TrueUSD's Parent Companies Blame Fraud, Justin Sun, and an 'Eastern European Criminal Enterprise' for Bankruptcy
Archblock, TrustToken, and TrueCoin—the firms behind stablecoin TrueUSD—have filed for Chapter 11 bankruptcy protection. Because when your stablecoin isn't so stable, apparently you just throw everything at the wall and see what sticks. The filing blames two main culprits: Techteryx's failure to pay invoices, and what Archblock describes as "a sophisticated criminal enterprise working out of Eastern Europe" that defrauded the firm of approximately $3 million. Nothing says "we take financial responsibility" quite like pointing fingers at mysterious European crime syndicates.
The Justin Sun Connection
According to an affidavit from Archblock's current general counsel Michael Blank, the firms sold TrueUSD to Justin Sun-connected Techteryx in December 2020 for approximately $28 million. Control of TrueUSD's private keys transferred to Techteryx as part of the sale. Because when you're dealing with someone who once paid $4.6 million to have lunch with Warren Buffett, clearly the due diligence is just a formality. Archblock was to help Techteryx operate the stablecoin under an "ongoing services agreement with revenue-sharing components." This arrangement became something Archblock was "almost entirely reliant on" for revenue. In 2024, Techteryx stopped paying several million dollars in outstanding invoices.
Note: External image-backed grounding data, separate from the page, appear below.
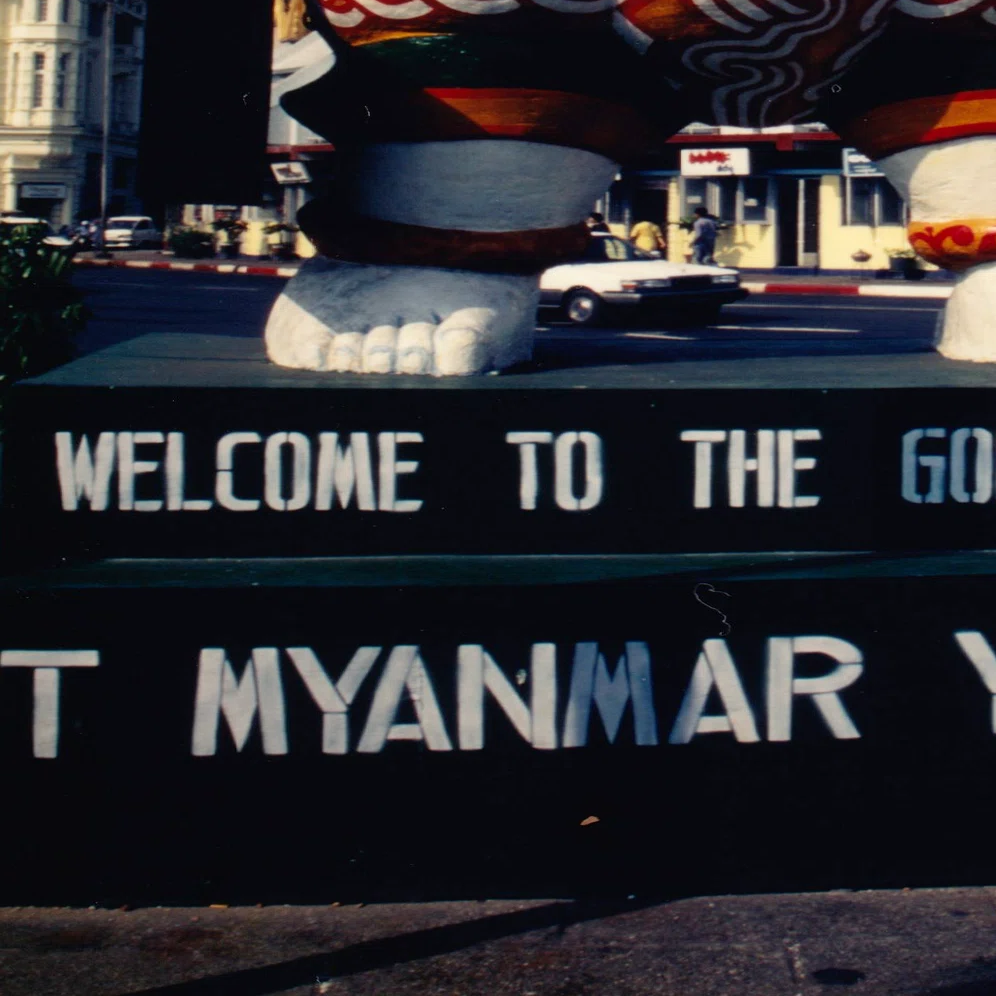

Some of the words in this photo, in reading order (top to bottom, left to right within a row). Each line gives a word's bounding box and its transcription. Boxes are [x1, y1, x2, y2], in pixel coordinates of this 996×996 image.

[54, 431, 424, 513] WELCOME
[505, 430, 604, 511] TO
[680, 428, 823, 509] THE
[190, 634, 864, 757] MYANMAR
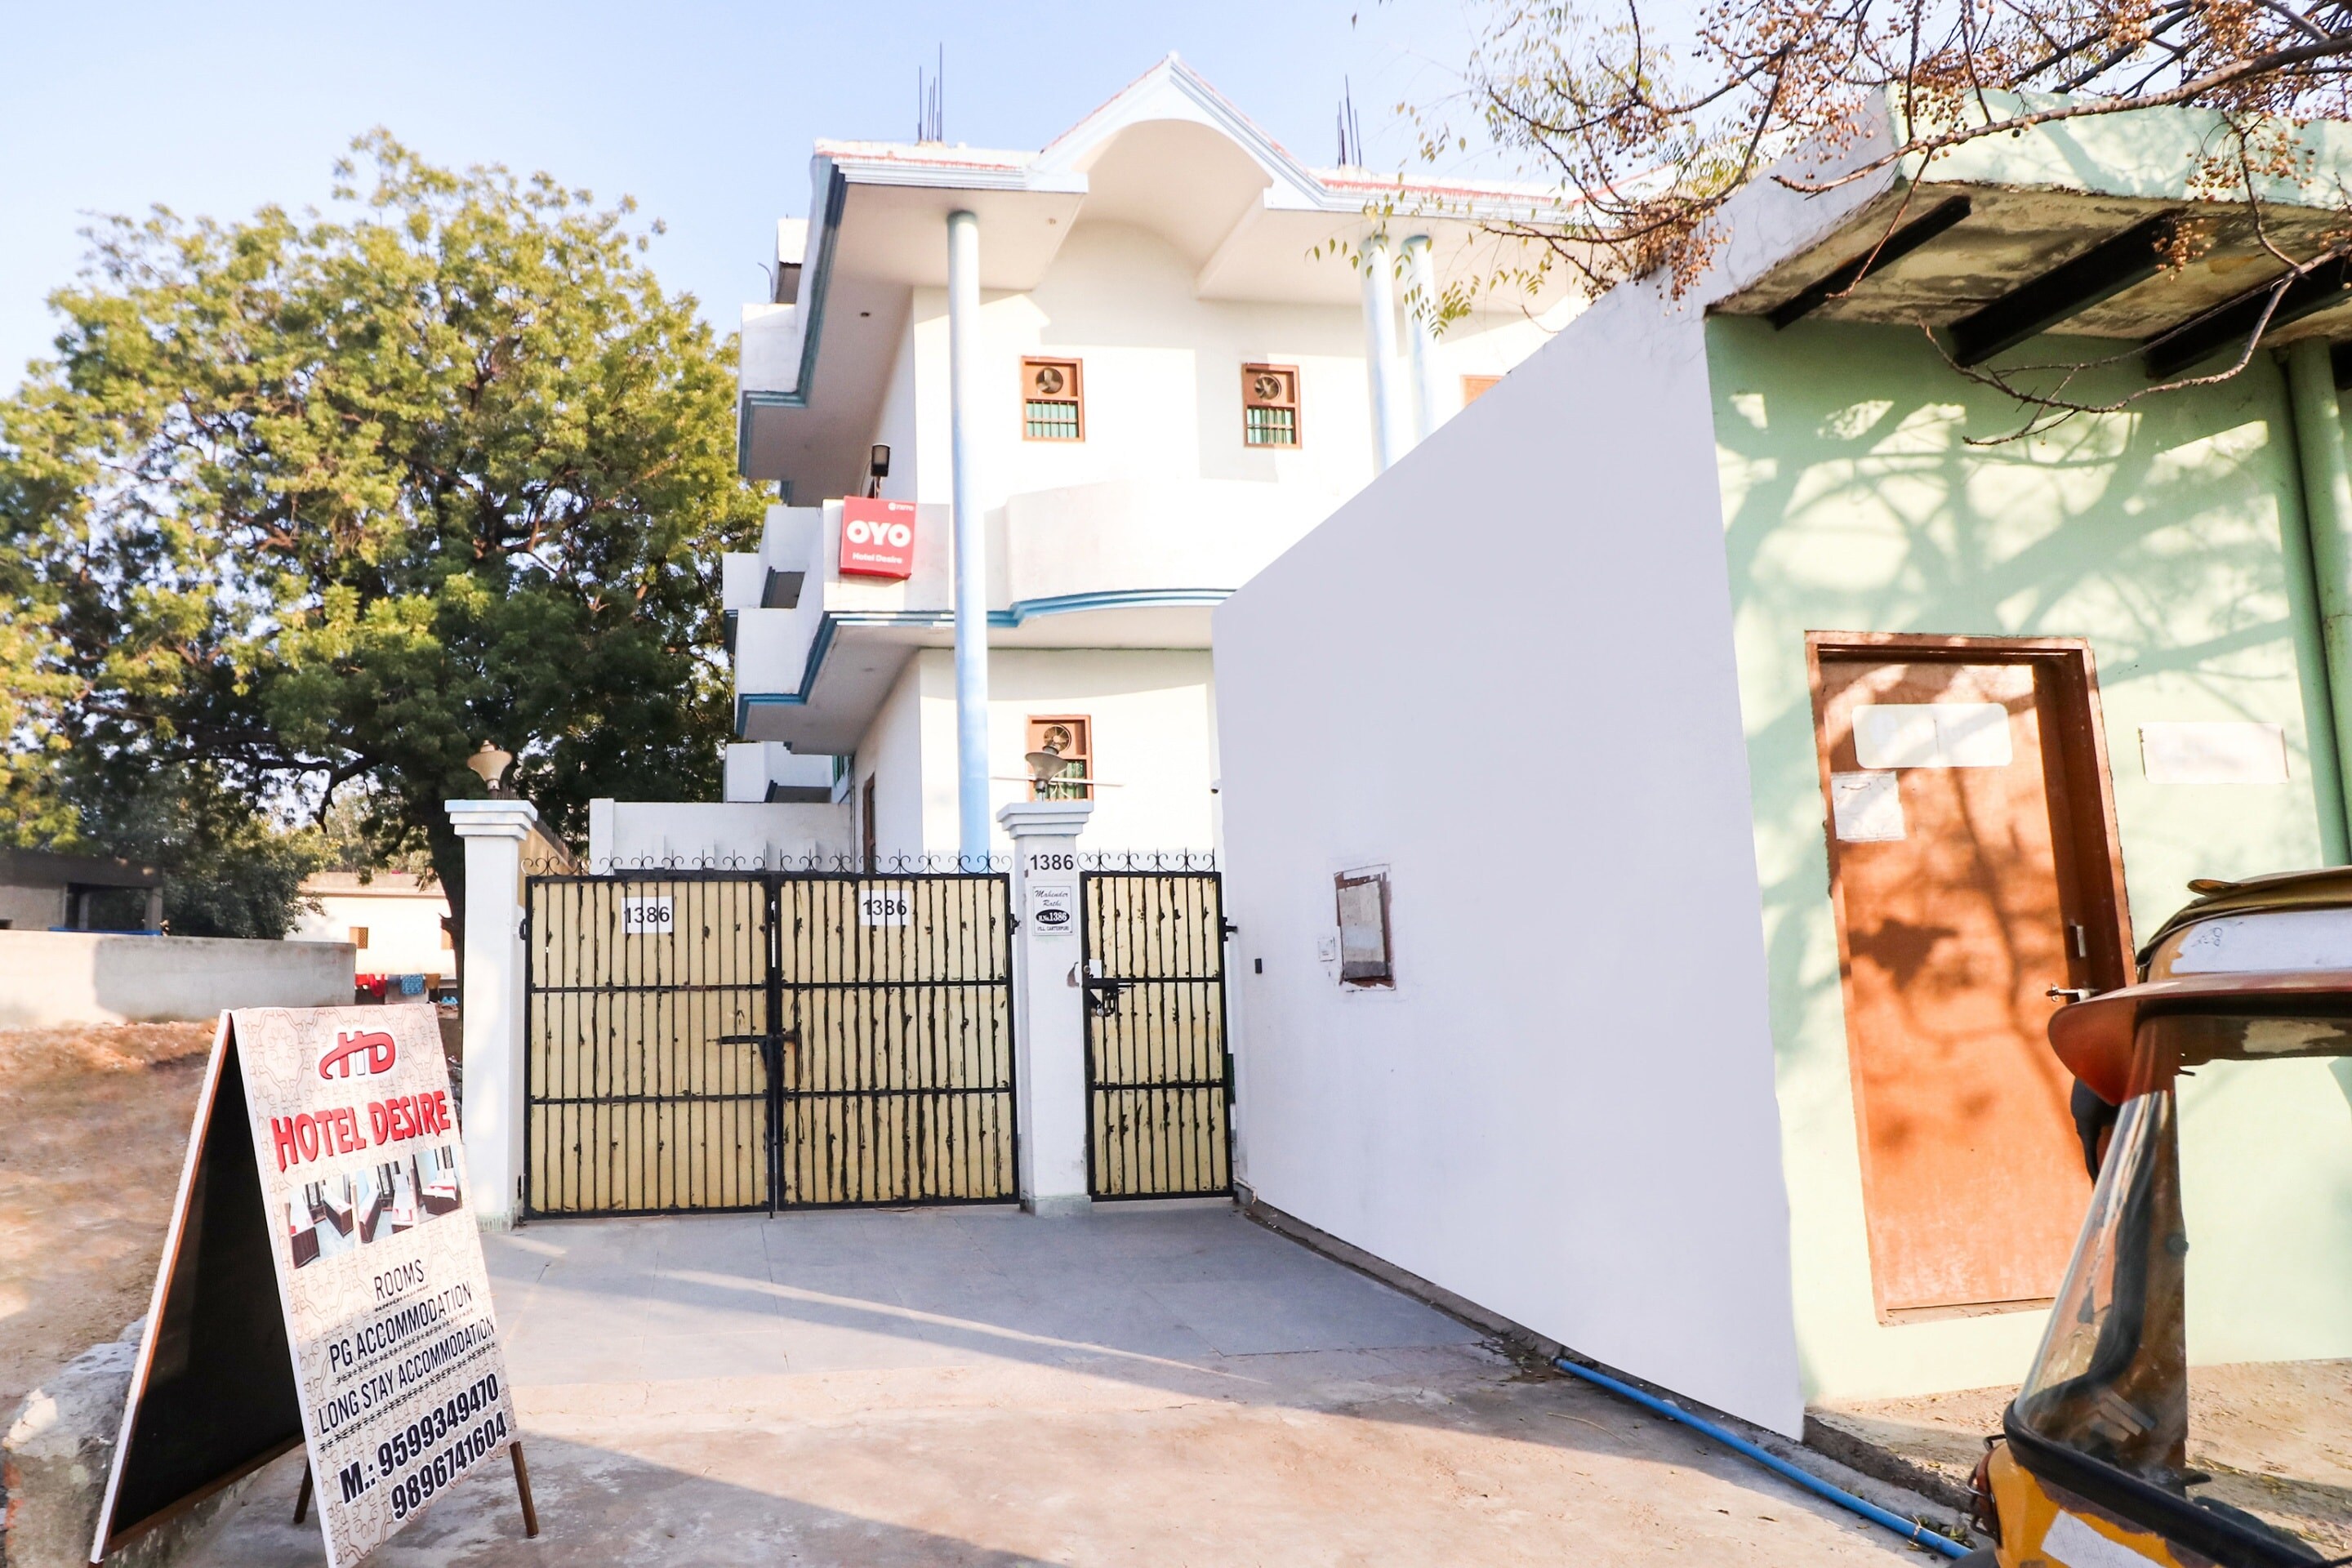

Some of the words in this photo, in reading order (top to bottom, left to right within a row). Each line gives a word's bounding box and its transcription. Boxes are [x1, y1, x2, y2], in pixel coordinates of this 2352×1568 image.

[846, 520, 911, 548] OYO
[852, 552, 875, 562] Hotel
[875, 554, 902, 564] Desire
[1030, 854, 1074, 871] 1386
[624, 906, 670, 924] 1386
[862, 899, 907, 916] 1386
[270, 1107, 367, 1174] HOTEL
[368, 1090, 452, 1146] DESIRE
[374, 1258, 425, 1301] ROOMS
[329, 1337, 353, 1374] PG
[355, 1280, 473, 1360] ACCOMMODATION
[318, 1390, 359, 1435] LONG
[362, 1368, 394, 1410] STAY
[398, 1315, 496, 1390] ACCOMMODATION
[339, 1460, 376, 1504] M.:
[377, 1373, 499, 1477] 9599349470
[391, 1411, 507, 1520] 9896741604
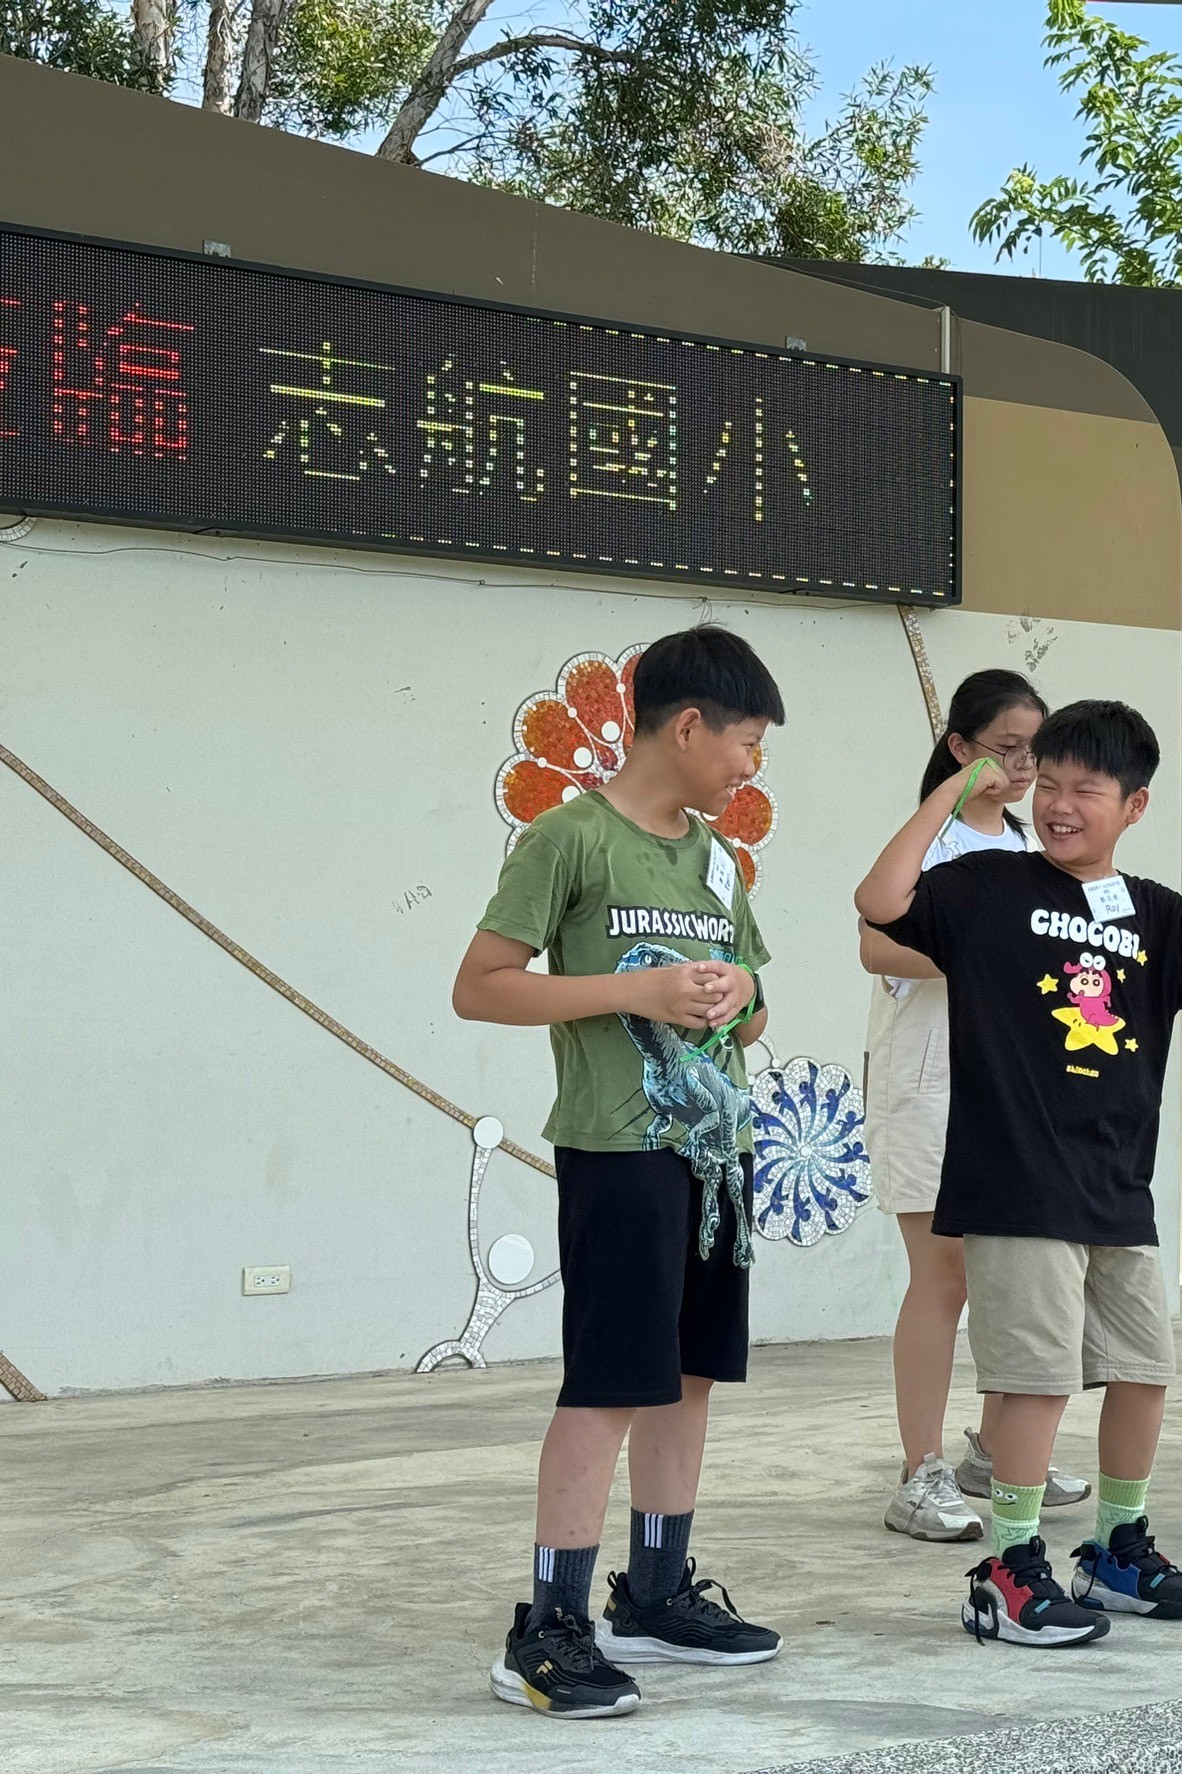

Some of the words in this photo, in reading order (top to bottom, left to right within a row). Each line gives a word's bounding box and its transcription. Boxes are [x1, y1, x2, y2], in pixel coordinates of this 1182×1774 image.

Nothing like building your entire business model on a guy who calls himself a "blockchain entrepreneur" and has more SEC lawsuits than actual product launches.
The Trust Fund Fiasco
The nonpayment came after a series of extended legal disputes involving Legacy Trust, First Digital Trust, and the Aria Commodity Finance Fund. The firms originally contracted with Legacy Trust for escrow services, later transferred to First Digital Trust. That trust negotiated rights to manage some funds, placing them in the Aria Commodity Finance Fund—marketed as a low-risk fund. "Low-risk" in crypto apparently means "invested in speculative activities and stopped responding to redemption requests." This contributed to an SEC lawsuit, which was settled. Despite the settlement, TrueUSD remains substantially reserved by these assets and by a $500 million line of credit reportedly provided by Sun. So your stablecoin is backed by a mystery fund that couldn't redeem itself and a line of credit from a guy who literally has "wanted by SEC" as a personality trait.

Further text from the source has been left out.